West News Wire: A friend and fellow photojournalist from Australia named Ben Bohane referred to Tim Page as a “true humanist” and one of the greatest combat photographers in history.

He frequently argued that having moral character was more significant than having artistic talent. So his compassion really came through in his photojournalism, Bohane said on Thursday, according to Australian Broadcasting Corp.

“The only excellent war photograph is an anti-war photograph,” was one of his well-known quotes, Bohane continued.

While reporting on wars in Vietnam, Laos, and Cambodia in the 1960s and 1970s, Page was wounded four times.

In addition to his skill and dedication as a photographer, he stood out for his flamboyance and flashy attitude.
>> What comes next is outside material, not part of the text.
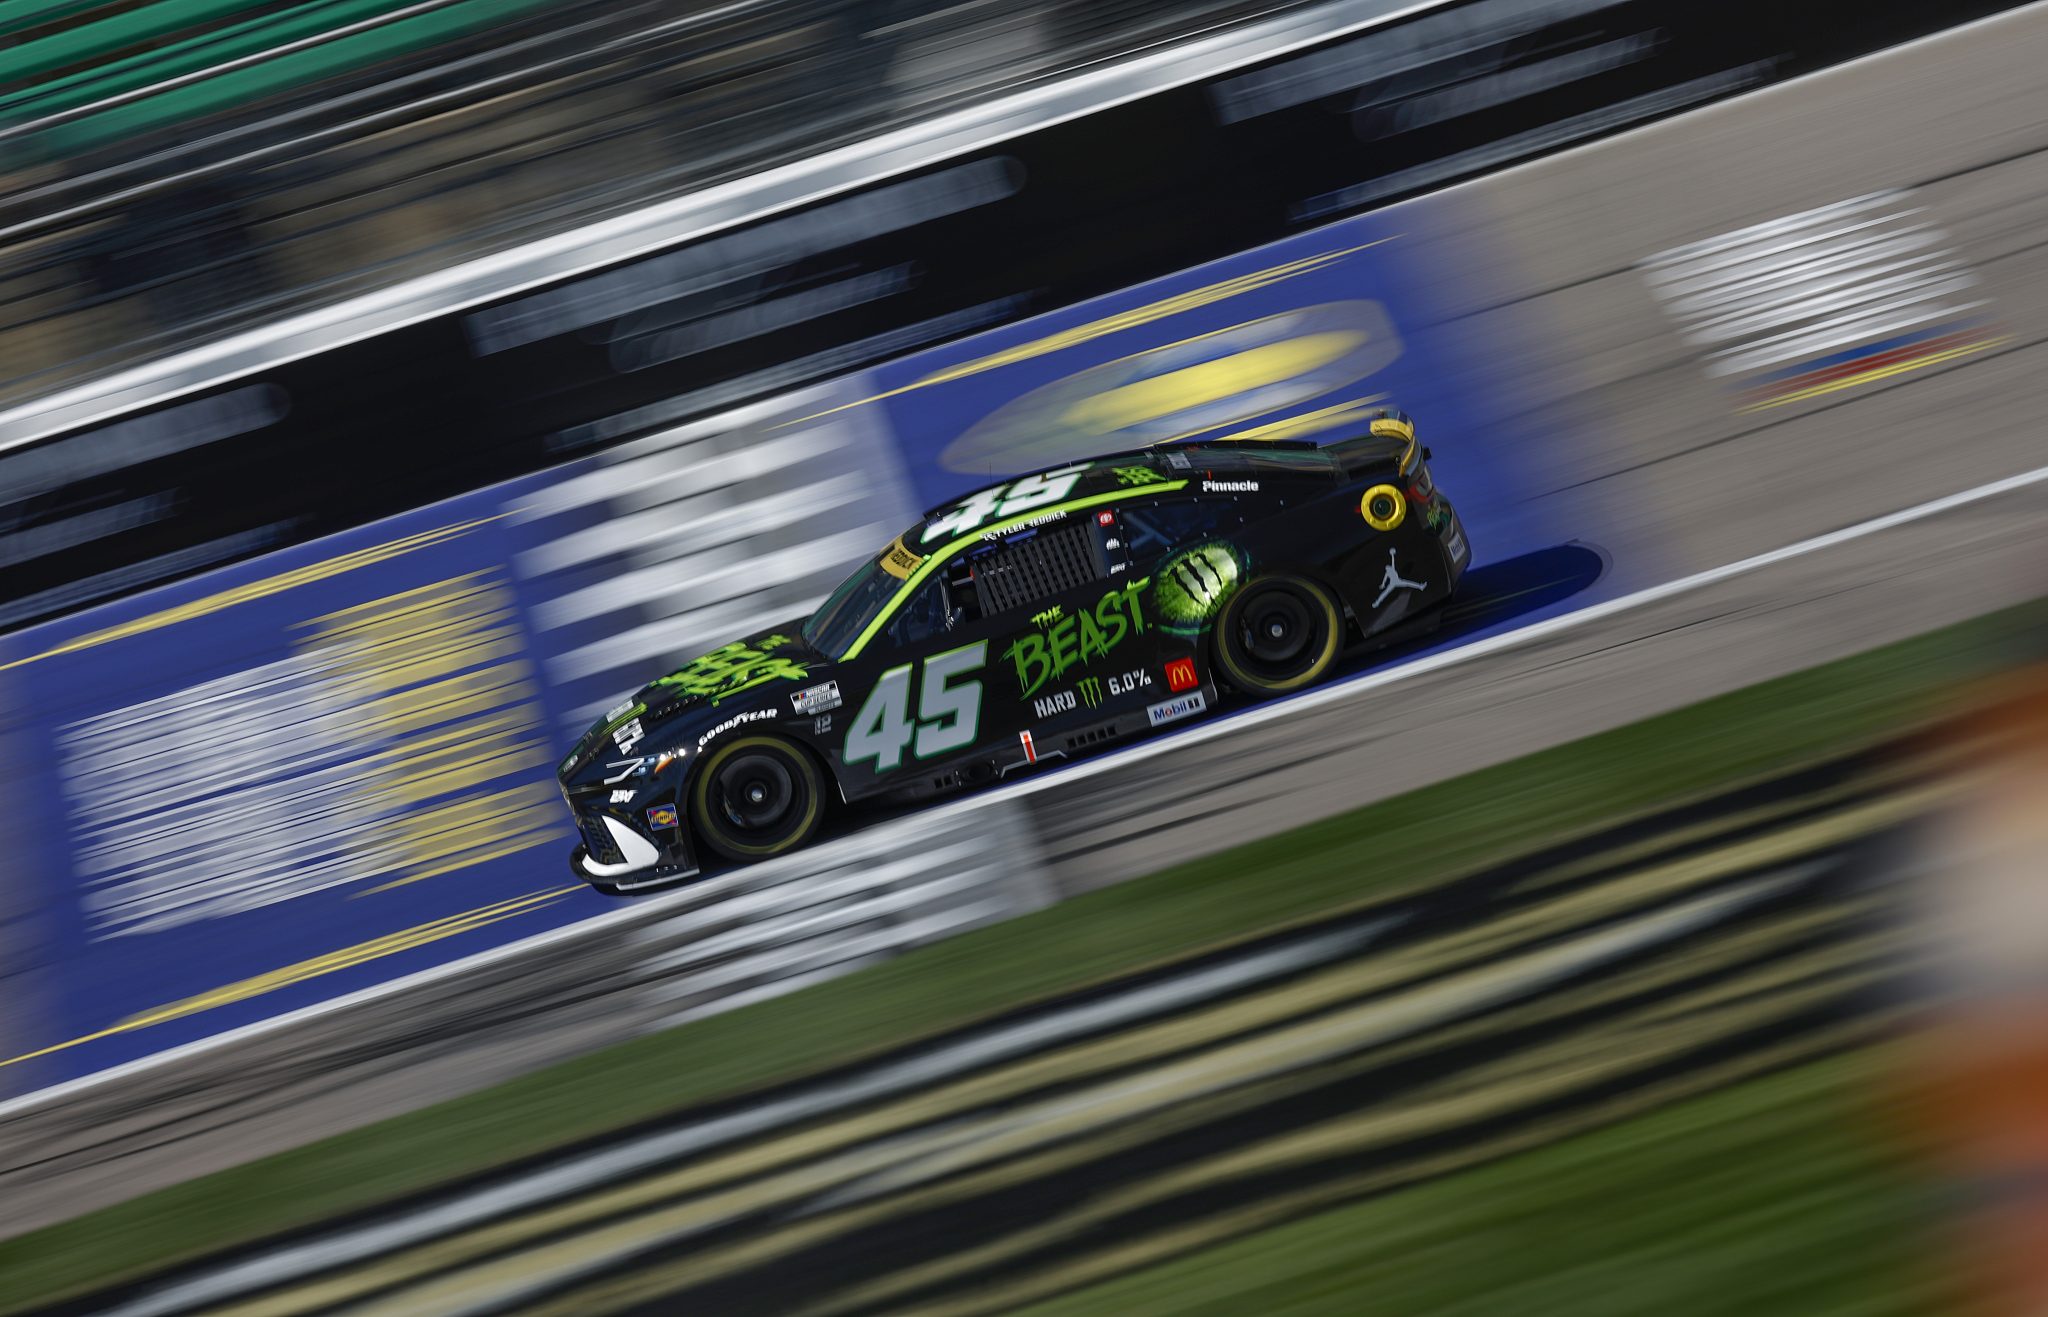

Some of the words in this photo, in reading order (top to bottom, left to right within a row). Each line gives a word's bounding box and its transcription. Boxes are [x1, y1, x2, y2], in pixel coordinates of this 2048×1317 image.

He inspired the drug-addled photojournalist played by Dennis Hopper in the Francis Coppola-directed, Oscar-winning 1979 Vietnam War movie “Apocalypse Now.”

Page embraced and documented the drug culture since the 1960s in Indochina and the United States.

He worked as a freelance photographer from the late 1960s for music magazines including Rolling Stone and Crawdaddy, sharing assignments with some of the most significant writers of the era such as Hunter S. Thompson. Page embraced his “Gonzo photographer” reputation.

He was arrested along with Jim Morrison when with Doors frontman was famously dragged by police from a stage in New Haven, Connecticut, in 1967. Morrison was arrested for inciting a riot, indecency and public obscenity. Page was arrested obstructing police. Both spent the night in police cells before charges were dropped.

As well as the Indochina wars, Page also covered conflicts in Afghanistan, Solomon Islands, Israel, Bosnia and East Timor.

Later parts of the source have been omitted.